AASB 114 in scope and application is equivalent to International Accounting Standard (IAS) 14, Segment Reporting issued by the International Accounting Standards Board (IASB). “IAS 14 applies more narrowly to entities whose equity or debt securities are publicly traded and to entities that are in the process of issuing equity or debt securities in public securities markets”. (Comlaw.gov, 2004) Whereas AASB 114 is applicable to all entities which are required to prepare their financial reports in accordance with the provisions of Corporations Act, irrespective of whether their equity or securities are publicly traded or not (Bus, 2006).

Scope of AASB 14

AASB 114 deals with the segment reporting by each entity that is required to prepare and present a financial report according to the provisions of Part 2M 3 of the Corporations Act. However the standards do not apply to general purpose financial reports being prepared by not-for-profit entities. In order to study the improvements in the analysis of risks and returns by the disclosure requirements of AASB 114 it is important to have an in-depth knowledge of the salient features of the standard.

AASB prescribes the segment reporting in respect of business segment which is termed as the primary segment and geographical segment which is denoted as the secondary segment. The standard also provides clear and concise definitions of segment revenue, segment expense, segment result, segment assets, segment liabilities and segment accounting policies.

The reporting formats of primary and secondary segments are based on the fact that whether the predominant source and nature of risks and rewards of the entity have relationship with business segments or with geographical segments (Bus, 2006).

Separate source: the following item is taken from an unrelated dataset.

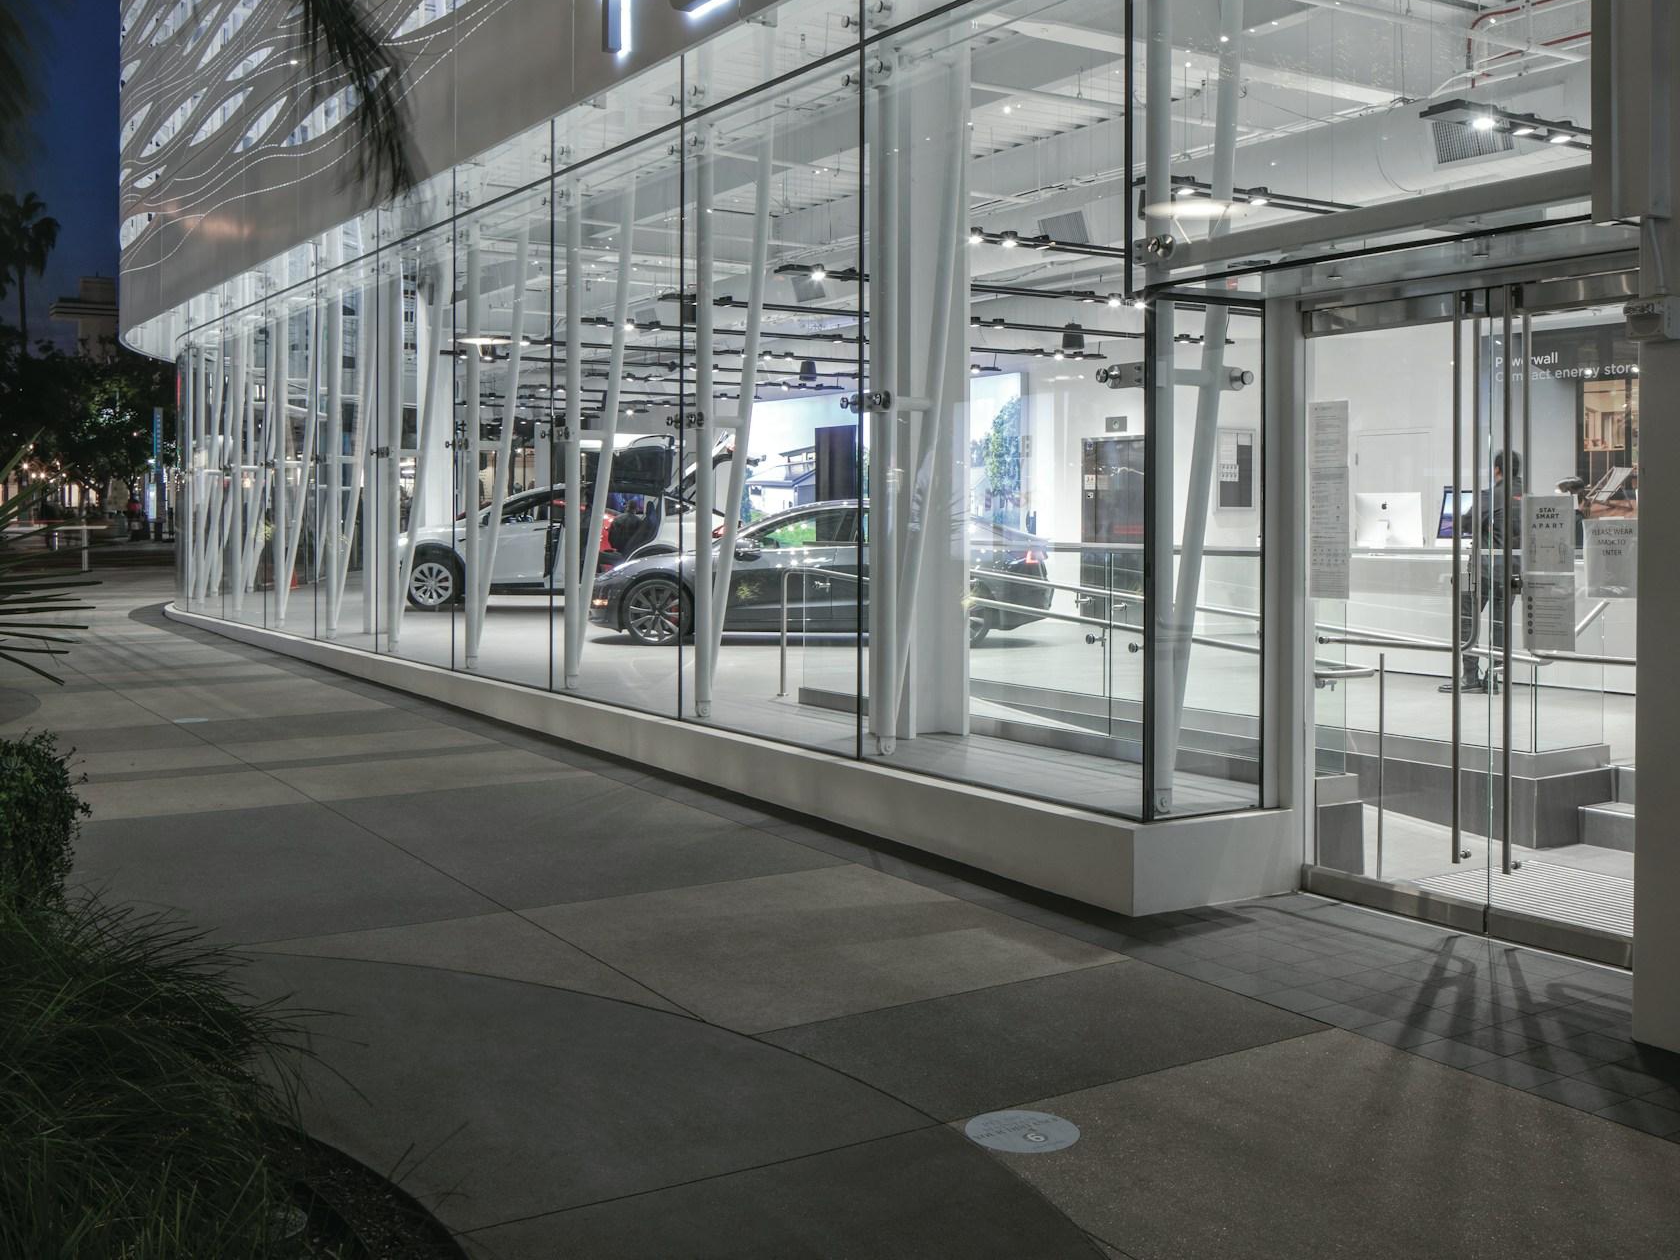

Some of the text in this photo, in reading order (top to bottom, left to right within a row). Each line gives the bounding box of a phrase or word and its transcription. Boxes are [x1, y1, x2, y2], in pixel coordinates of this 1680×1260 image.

Determination of Business and Geographical Segments

In cases where the risks and rates of return of the entity is grossly determined by the differentiation in the products or services, then the primary reporting format is considered as the business segment. In this case the secondary reporting segment is based on geographical locations of the entity. On the other hand where the risks and rates of return of the entity are influenced by the location of the entity in different countries or geographical locations, then the primary reporting format is considered to be based on geographical locations and as a result the secondary reporting format becomes the business segments.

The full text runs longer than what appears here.